In the history of Latvian literature, Aleksandrs Čaks (1901–1950) is better known as a poet-urbanist. There is much less information about his work as a lecturer. In 1924, after entering the Faculty of Medicine of the University of Latvia, Čaks could not pass the necessary exams of the first semester and abandoned his studies. Encouraged by his family, in 1925, he entered the Compulsory School Teacher’s Course in Riga and graduated from it, obtaining practical teaching experience at the Drabeši six-grade boarding school and in the Literary Studio of Rūdolfs Egle (1889–1947). The purpose of the research is to describe and find out what was the importance of Čaks as a lecturer in Egle’s Literary Studio from 1935 to 1939, where Čaks gave lectures on the theory of poetry and the history of Russian poetry, paying special attention to the modernists. The study was carried out using the biographical method, which helps to reveal the relationship between the personality and the environment, using documents and memories of colleagues. This allows us to see Čaks’s personality in specific historical circumstances – his interest in the work of a lecturer, which, in the first decades of the 20th century, taking into account the political and social changes in society after the First World War, forced to re-evaluate the subjects and learning methods so that students acquired new skills through practical training. Teaching by doing was also the main idea of John Dewey (1859–1952), and it formed the basis for Čaks’s interest in the lecturer/student collaboration process. Čaks’s interest in Russian poetry began in the 1930s when he published descriptions of contemporary Russian poets in the press. Čaks’s public introductory articles about Latvian writers and their works were also important.
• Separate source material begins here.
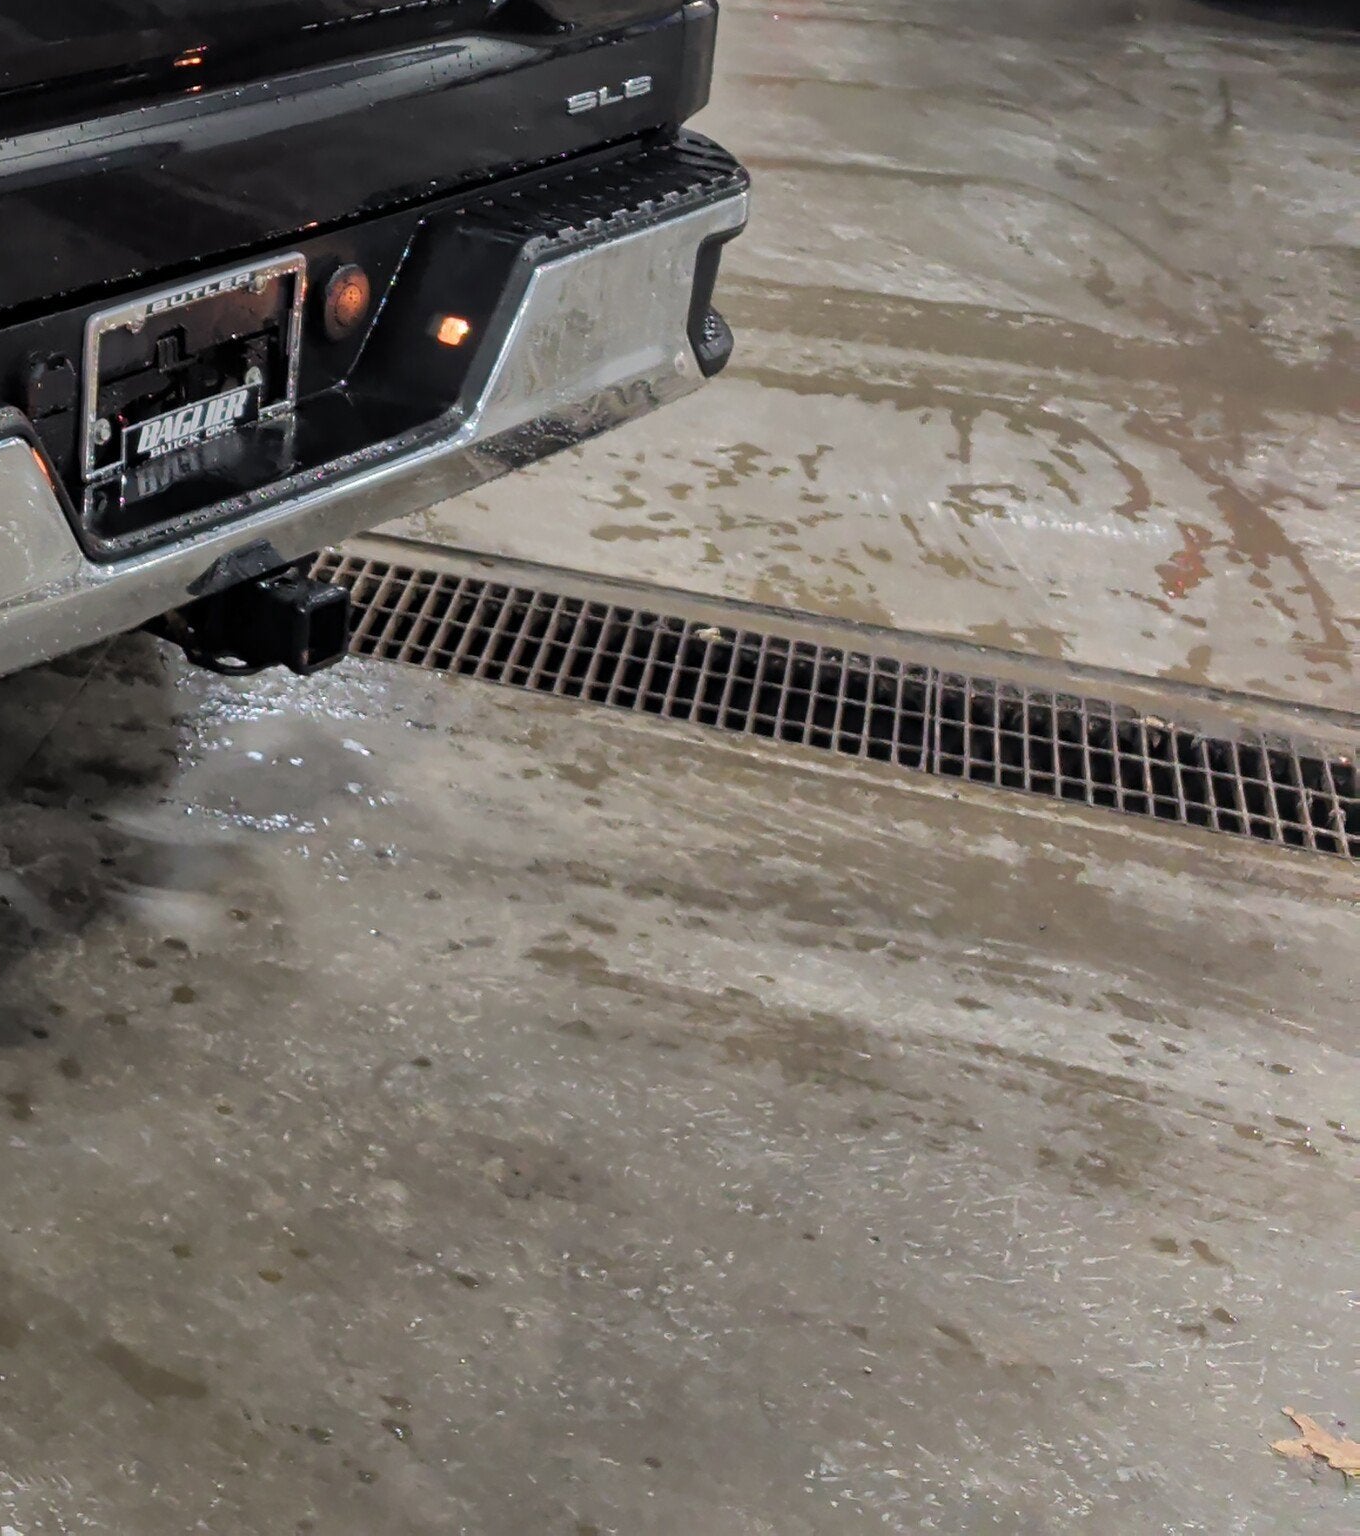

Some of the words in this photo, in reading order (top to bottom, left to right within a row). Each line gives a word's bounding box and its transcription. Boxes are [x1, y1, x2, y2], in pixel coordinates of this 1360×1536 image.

It is difficult to evaluate the period of activity of Egle’s Literary Studio in the biography of Čaks because there are no preserved plans and notes of Čaks’s lectures, which could provide a deeper insight into his opinion as a literary theorist. Čaks’s activity in the Studio is evaluated through his publications, the books on the field in his personal library, and notes on memories of colleagues and the Studio’s students, which confirm the importance of Čaks’s personality in the overall context of the activities of the Egle’s Literary Studio.